A verbatim copy of the listing is needed; pictures are to be left out.

....

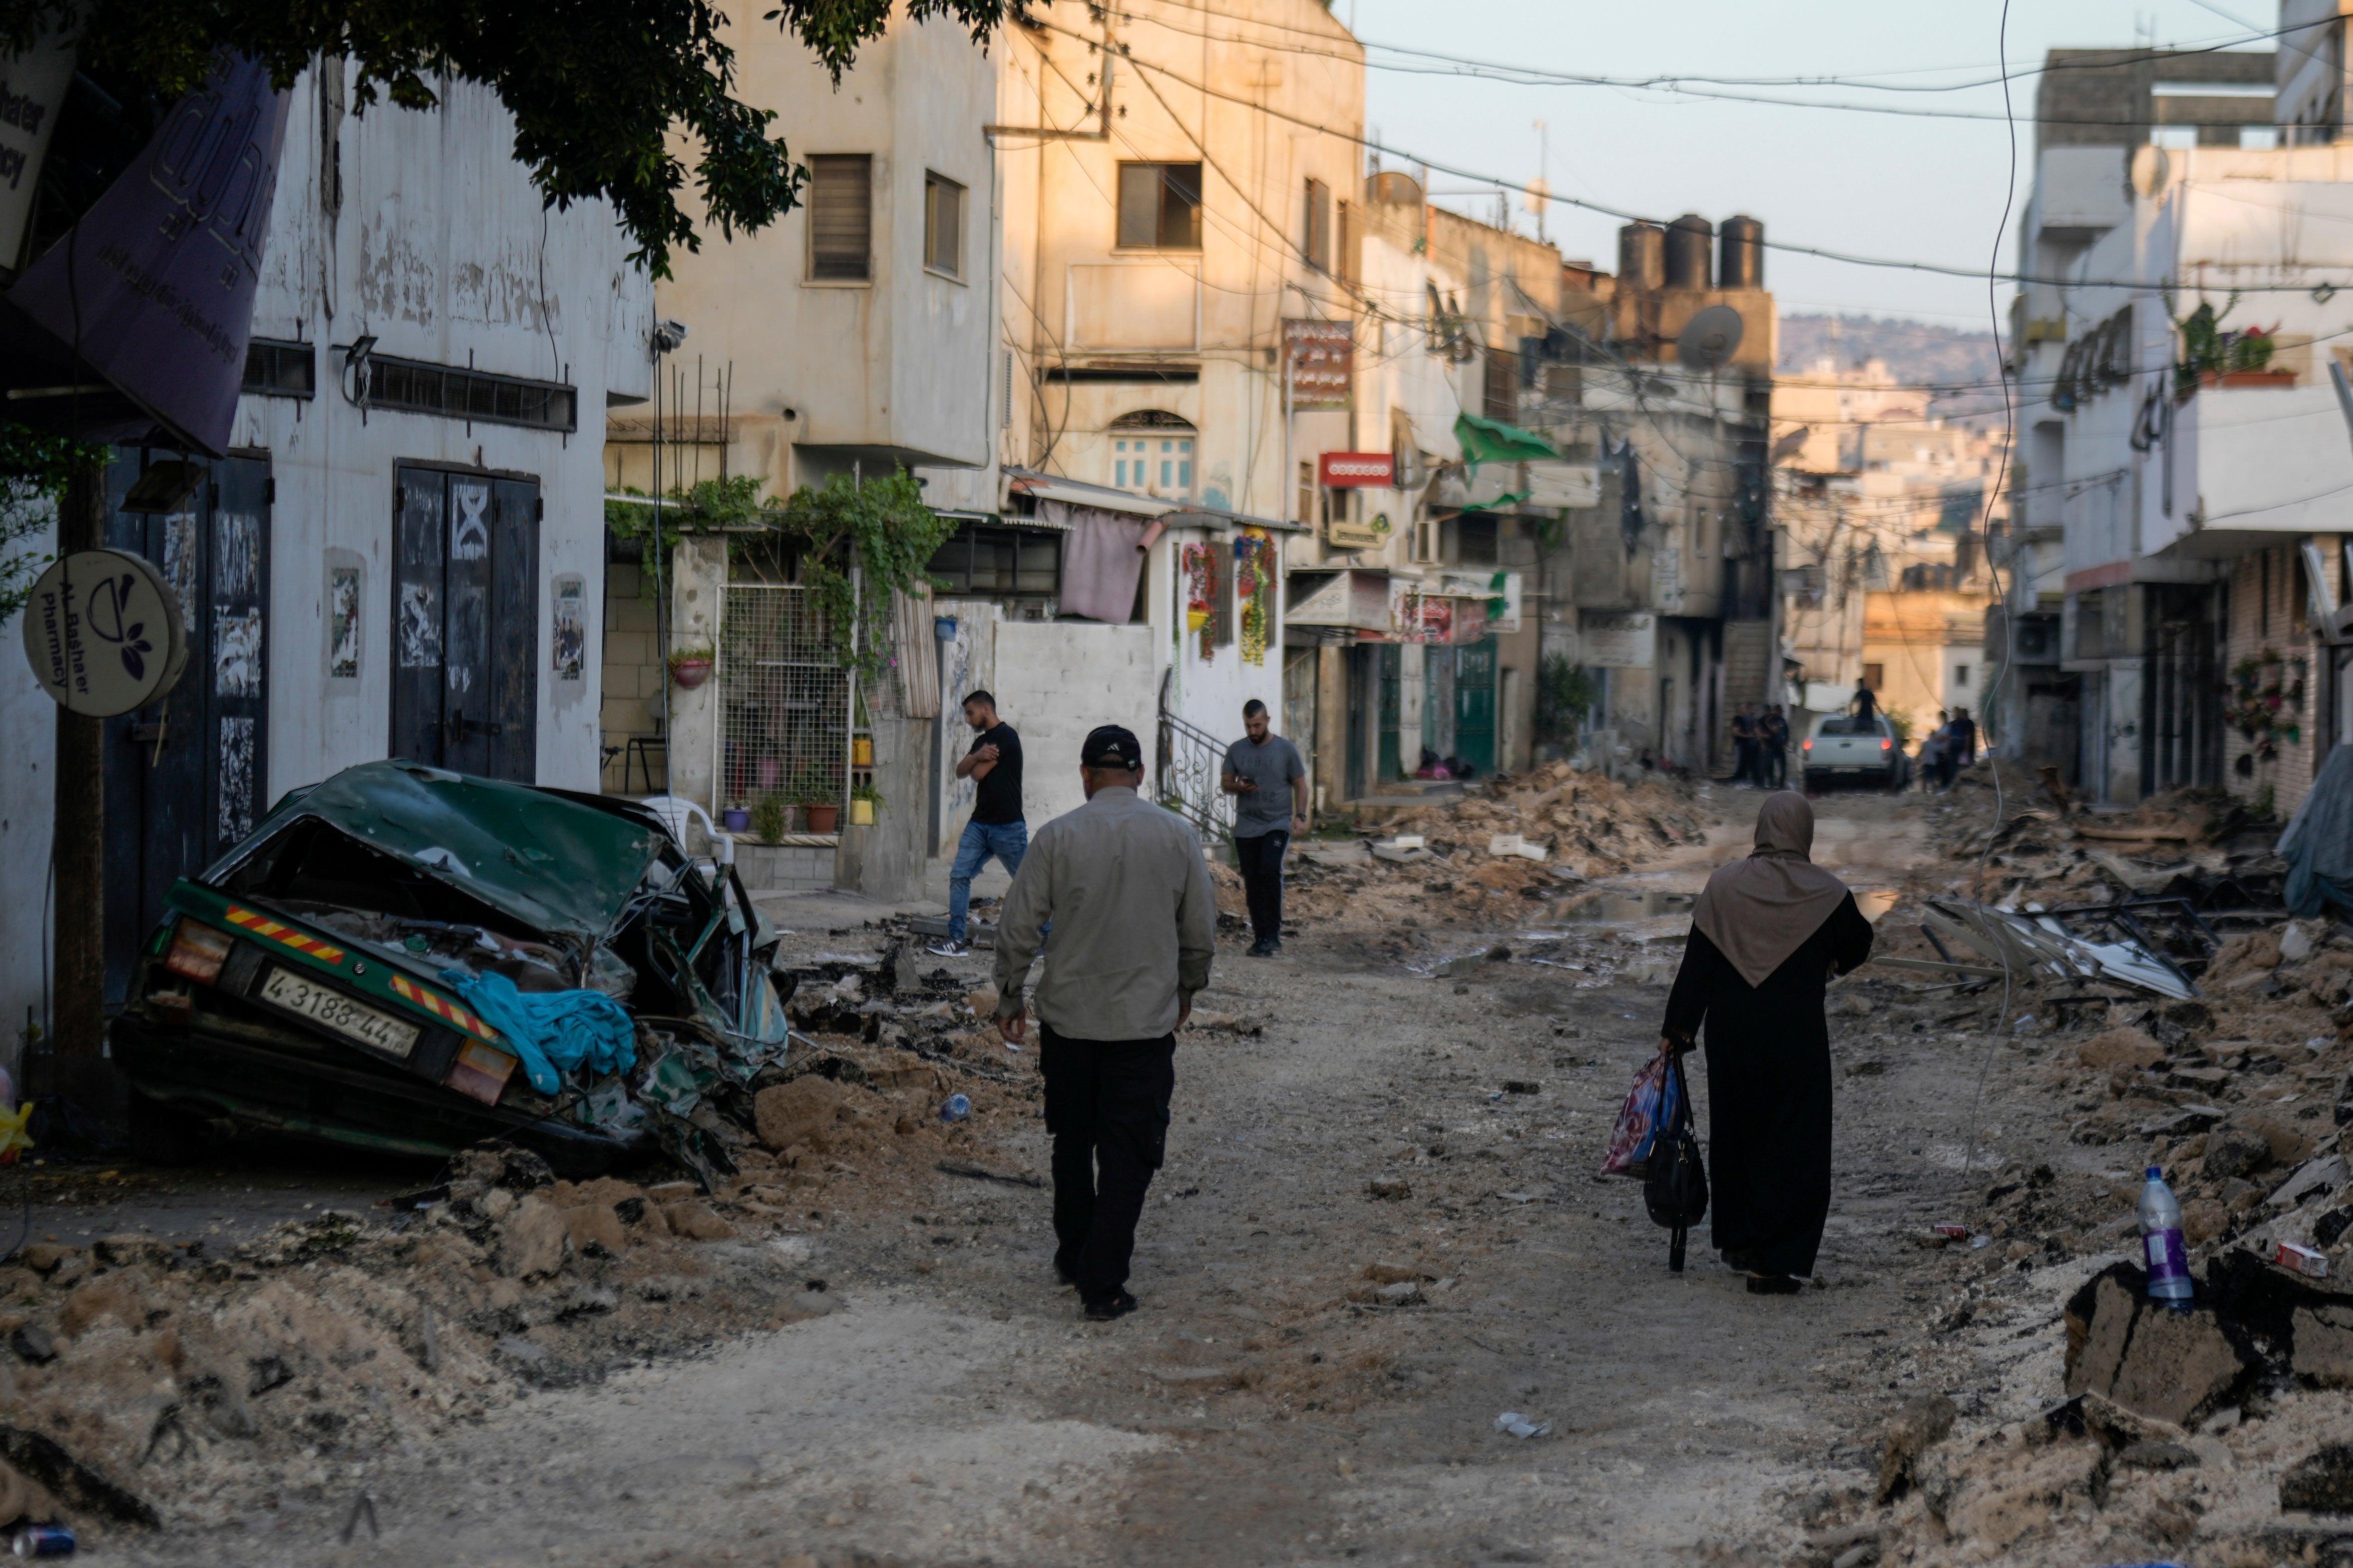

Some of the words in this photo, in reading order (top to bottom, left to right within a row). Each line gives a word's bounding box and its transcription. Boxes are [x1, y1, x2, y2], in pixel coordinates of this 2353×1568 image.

[1329, 464, 1389, 476] ooredoo
[1335, 530, 1379, 544] Jawwal
[40, 593, 68, 688] Pharmacy
[67, 613, 89, 695] Basha'er

....

ANSWER SECTION:
Some of the words in this photo, in reading order (top to bottom, left to right within a row). Each line gives a word's bounding box and its transcription. Boxes are [x1, y1, x2, y2], in pixel coordinates of this 2353×1568 image.

[1329, 464, 1389, 476] ooredoo
[1335, 530, 1379, 544] Jawwal
[40, 593, 68, 688] Pharmacy
[67, 613, 89, 695] Basha'er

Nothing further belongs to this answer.